**Work order:** If a record holds a picture, drop the picture and repeat everything else word for word.

**Task data:**
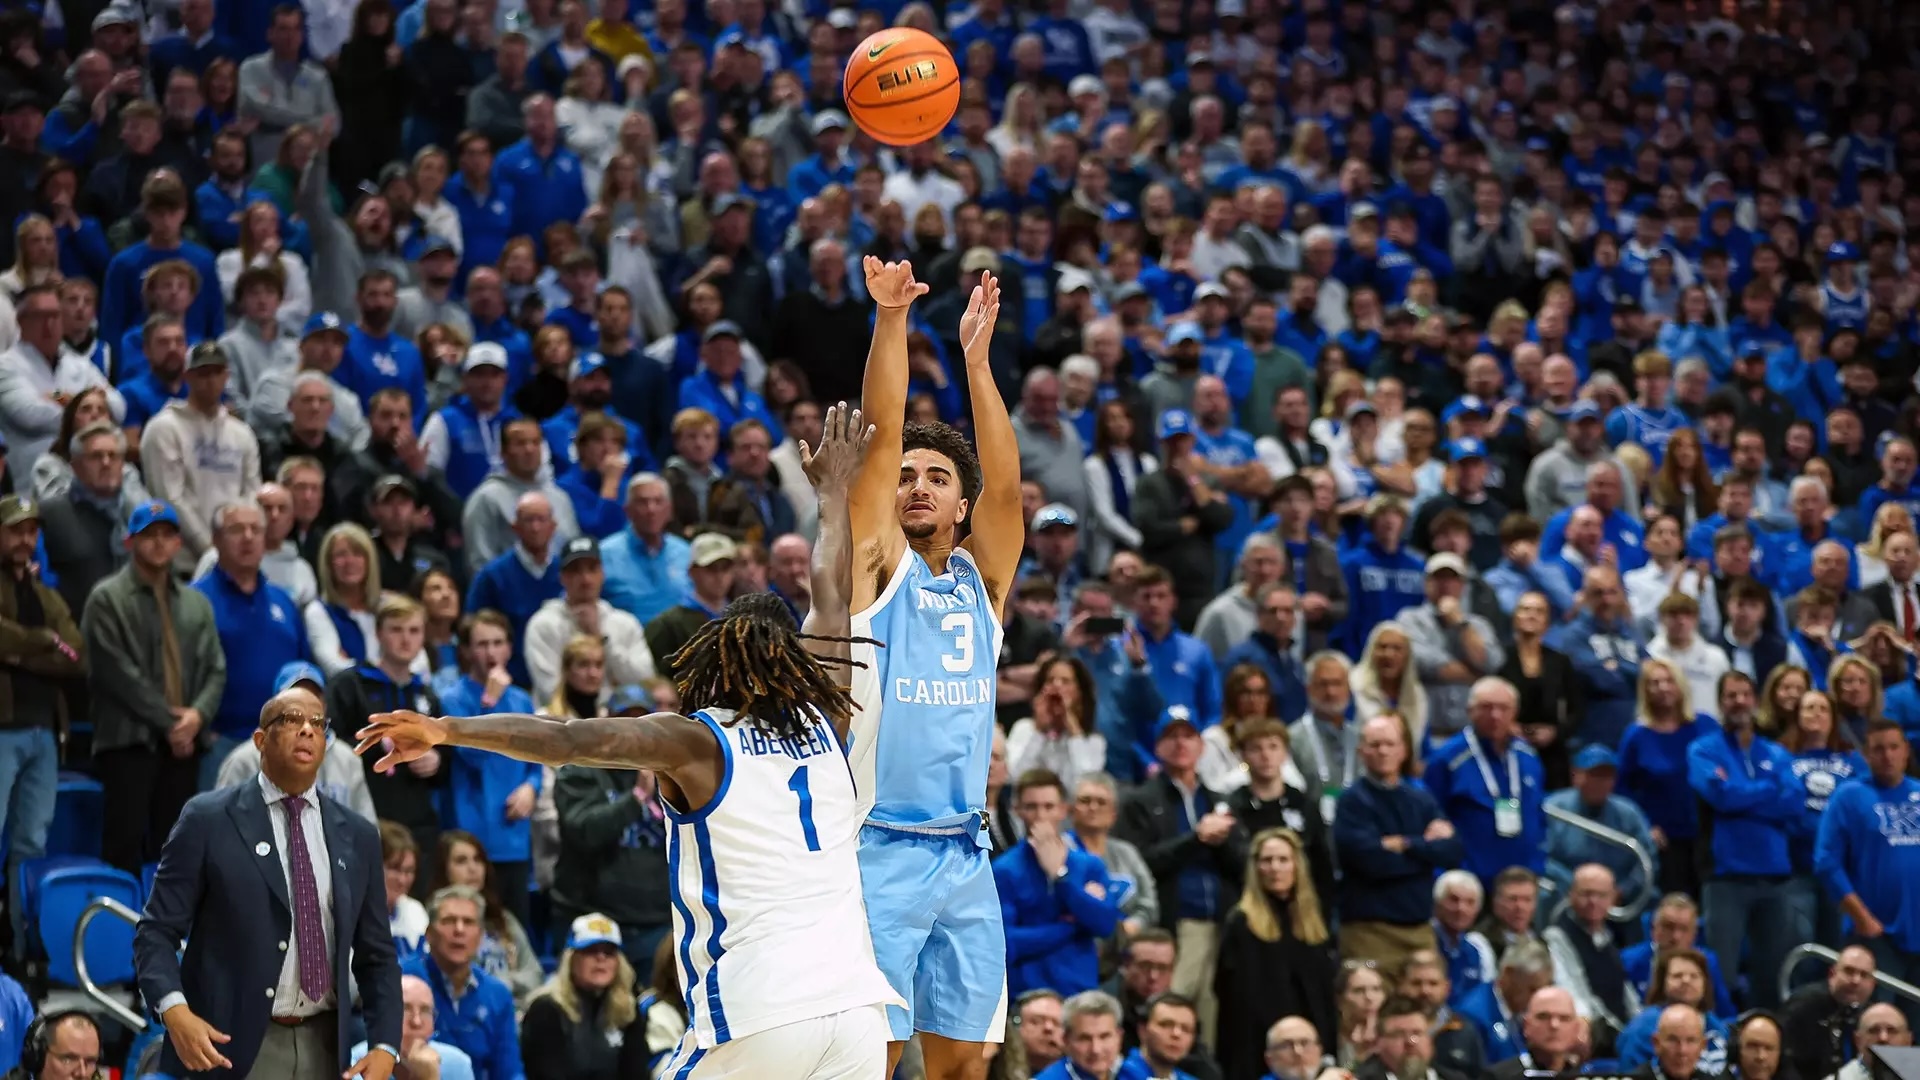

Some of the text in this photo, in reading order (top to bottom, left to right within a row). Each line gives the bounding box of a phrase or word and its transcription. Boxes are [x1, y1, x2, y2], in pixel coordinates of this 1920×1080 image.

[876, 60, 938, 92] ELITE
[941, 612, 974, 672] 3
[738, 726, 832, 760] ABEEEN
[788, 765, 821, 852] 1
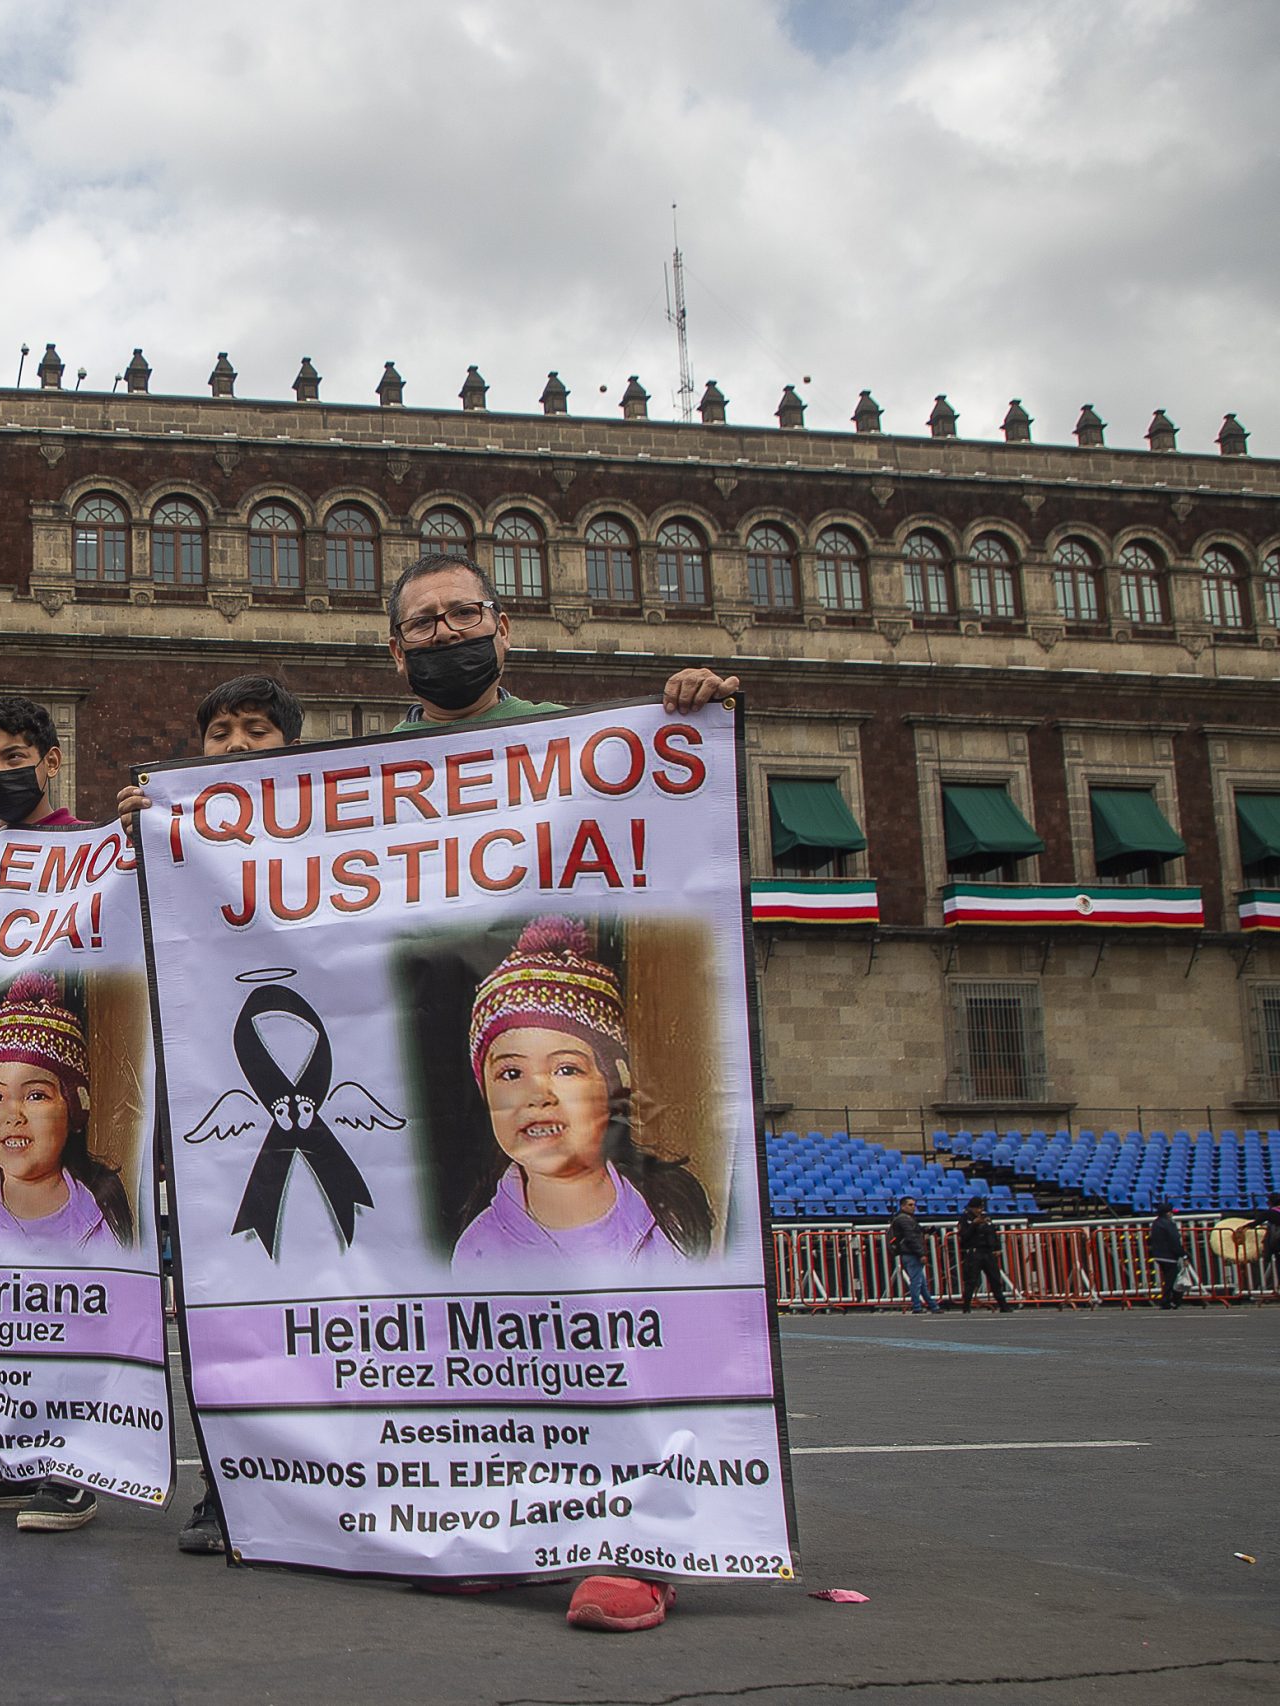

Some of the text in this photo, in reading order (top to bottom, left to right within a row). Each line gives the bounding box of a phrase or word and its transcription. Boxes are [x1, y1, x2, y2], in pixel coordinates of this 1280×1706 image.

[170, 723, 705, 864] ¡QUEREMOS
[220, 818, 648, 928] JUSTICIA!
[285, 1301, 663, 1356] Heidi Mariana
[335, 1356, 627, 1396] Pérez Rodríguez
[45, 1401, 164, 1431] MEXICANO
[380, 1420, 590, 1450] Asesinada por
[17, 1463, 36, 1478] de
[38, 1457, 84, 1478] Agosto
[87, 1471, 117, 1490] del
[117, 1480, 162, 1500] 2022
[220, 1457, 366, 1488] SOLDADOS
[377, 1461, 440, 1488] DEL
[450, 1453, 602, 1488] EJÉRCITO
[339, 1491, 633, 1533] en Nuevo Laredo
[535, 1541, 784, 1574] 31 de Agosto del 2022
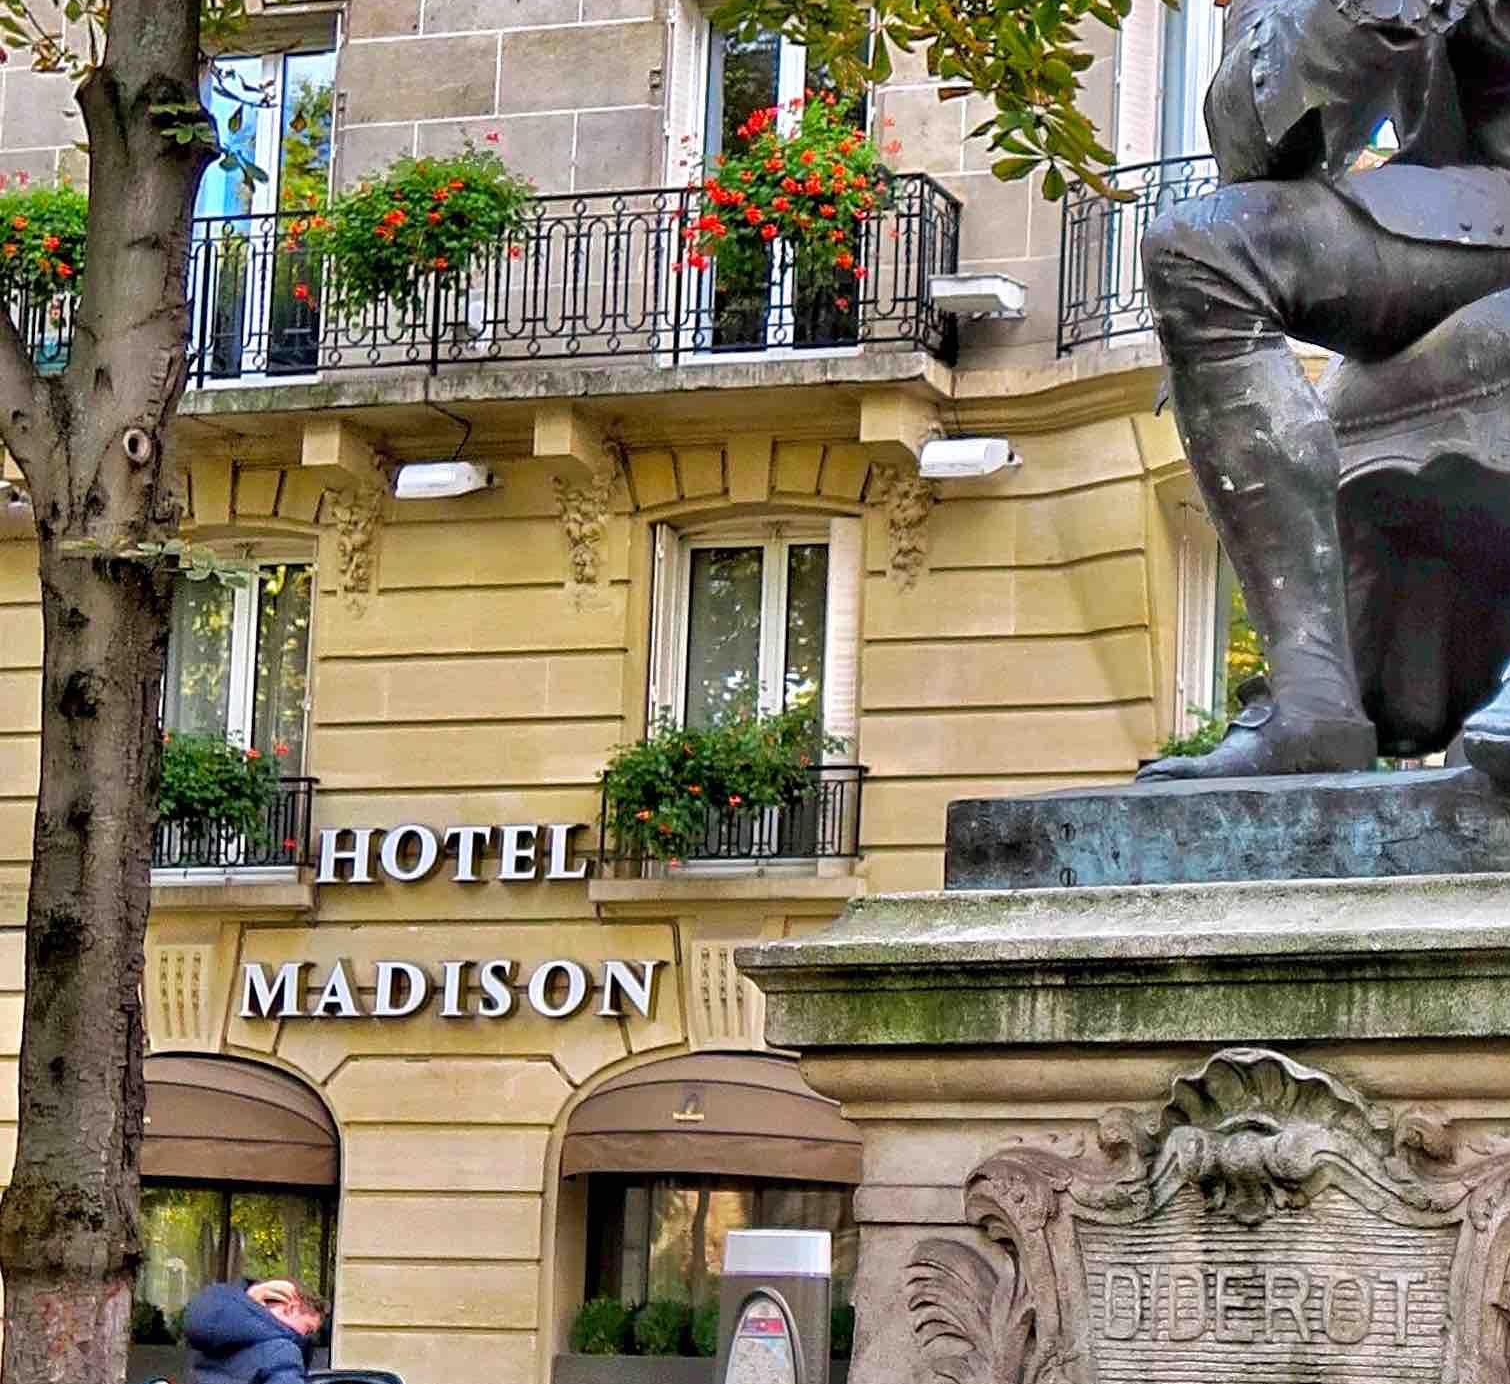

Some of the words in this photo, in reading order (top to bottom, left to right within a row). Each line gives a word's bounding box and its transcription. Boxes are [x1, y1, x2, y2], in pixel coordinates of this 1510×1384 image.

**Solution for this task:**
Some of the text in this photo, in reading order (top to bottom, left to right within a row). Each line gives the bounding box of a phrase or word and its transcription. Boxes are [x1, y1, x2, y2], in pixel coordinates of this 1920×1080 image.

[876, 60, 938, 92] ELITE
[941, 612, 974, 672] 3
[738, 726, 832, 760] ABEEEN
[788, 765, 821, 852] 1

Some of the text in this photo, in reading order (top to bottom, left to right within a row). Each line gives the bounding box of a phrase or word and its transcription. Boxes are [x1, y1, x2, y2], in pixel coordinates of this 1280×1706 image.

[170, 723, 705, 864] ¡QUEREMOS
[220, 818, 648, 928] JUSTICIA!
[285, 1301, 663, 1356] Heidi Mariana
[335, 1356, 627, 1396] Pérez Rodríguez
[45, 1401, 164, 1431] MEXICANO
[380, 1420, 590, 1450] Asesinada por
[17, 1463, 36, 1478] de
[38, 1457, 84, 1478] Agosto
[87, 1471, 117, 1490] del
[117, 1480, 162, 1500] 2022
[220, 1457, 366, 1488] SOLDADOS
[377, 1461, 440, 1488] DEL
[450, 1453, 602, 1488] EJÉRCITO
[339, 1491, 633, 1533] en Nuevo Laredo
[535, 1541, 784, 1574] 31 de Agosto del 2022

Some of the words in this photo, in reading order (top to bottom, left to right within a row). Each line gives a word's bounding box and its transcription. Boxes are [x1, y1, x2, y2], in pixel coordinates of this 1510×1384 image.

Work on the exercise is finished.